Russia’s doping crisis poses one of the greatest challenges to the Olympic Movement
since the US and Russia boycotts of the eighties; this time Russia wanting to stay rather than leave – it also provides the opportunity for the Olympic Movement to make a powerful statement of leadership to the world of sport and beyond in support of core Olympic and sporting values and clean and honest athletes.
The CAS decision now focuses the attention of the IOC on determining the fate of
Russia’s other Olympic sports in Rio – a decision that will be influenced heavily by the recent WADA McLaren report which found evidence of widespread systematic doping in winter Olympic sports at Russia’s 2014 Sochi Games, and the likelihood as well of doping across the board in summer and winter sports.
The IOC Executive Board will have to decide essentially whether it takes a collective
decision and suspends all or most Russian sports and athletes from Rio, or looks at how
possibly different criteria regulating competition eligibility in different IF’s could apply to
selection and participation in other Olympic sports in Rio.

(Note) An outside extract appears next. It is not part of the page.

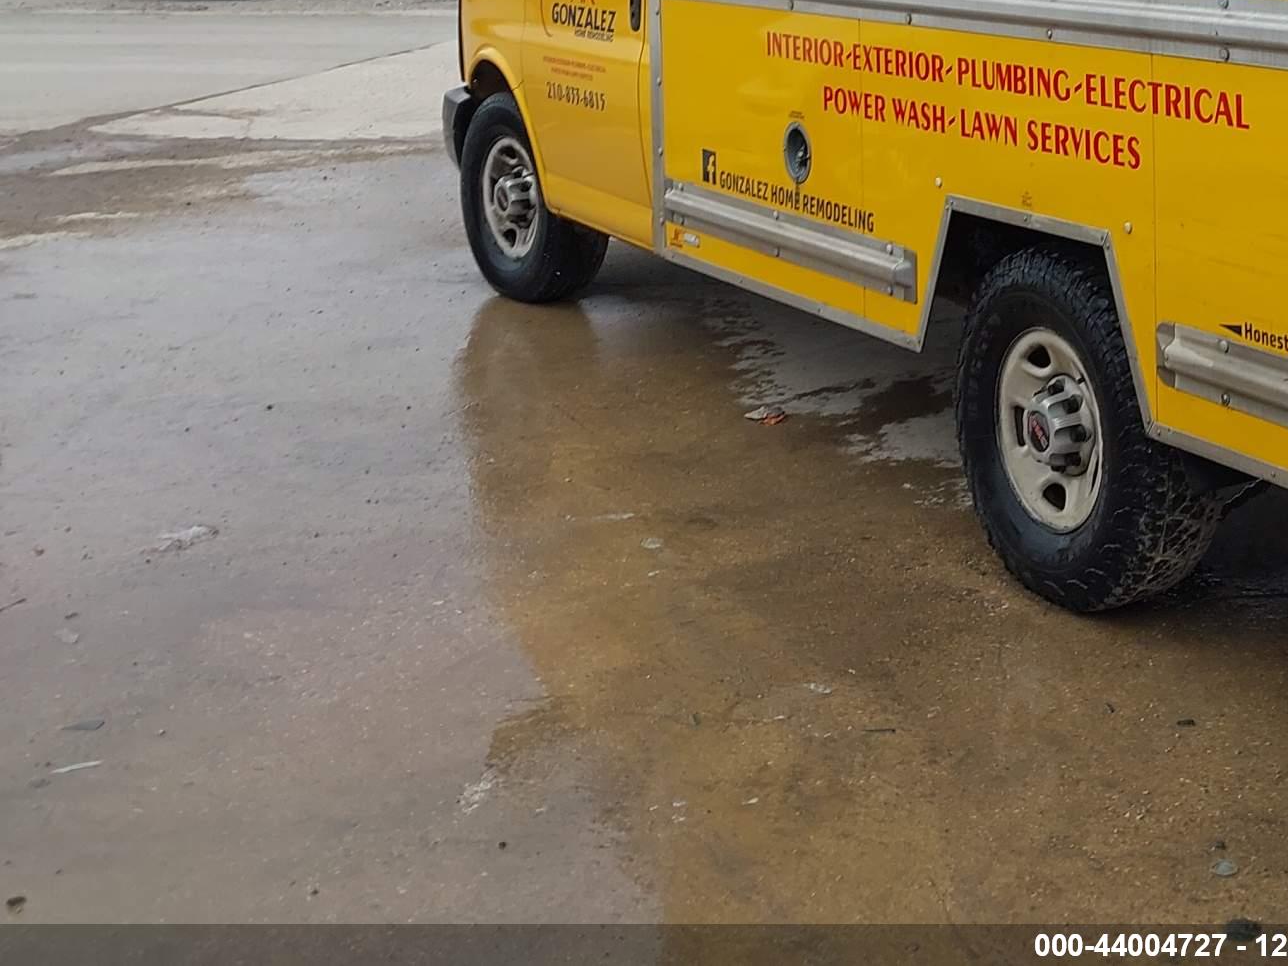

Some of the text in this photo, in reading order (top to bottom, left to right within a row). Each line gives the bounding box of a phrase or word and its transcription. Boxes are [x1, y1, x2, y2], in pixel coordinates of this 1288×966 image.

[551, 2, 617, 33] GONZALEZ
[823, 86, 887, 123] POWER
[1027, 121, 1141, 171] SERVICES
[719, 170, 875, 234] GONZALEZ HOME REMODELING

The CAS decision will help to restore much needed confidence and credibility back into
sport. It will serve as a deterrent to rogue sporting nations, governments and non-compliant federations. The CAS decision however should not be seen as a penalty or punishment for athletes caught up in Russia’s corrupt doping programme. The decision only went in the IAAF’s favour because the federation’s rules and regulations governing eligibility for competition were judged to be legally robust, reliable and relevant to concerns about Russia’s national athletics federation and lack of compliance with
the international federation’s anti doping code of practice.
The CAS decision highlights the enormous responsibility of national member federations
and officials to meet their obligations under their respective IF codes and the need to comply with IF anti-doping protocols in each of the national jurisdictions they are responsible for.
This is probably the most efficient and practical way to ensure that all athletes are
competing as closely as possible on a level playing field.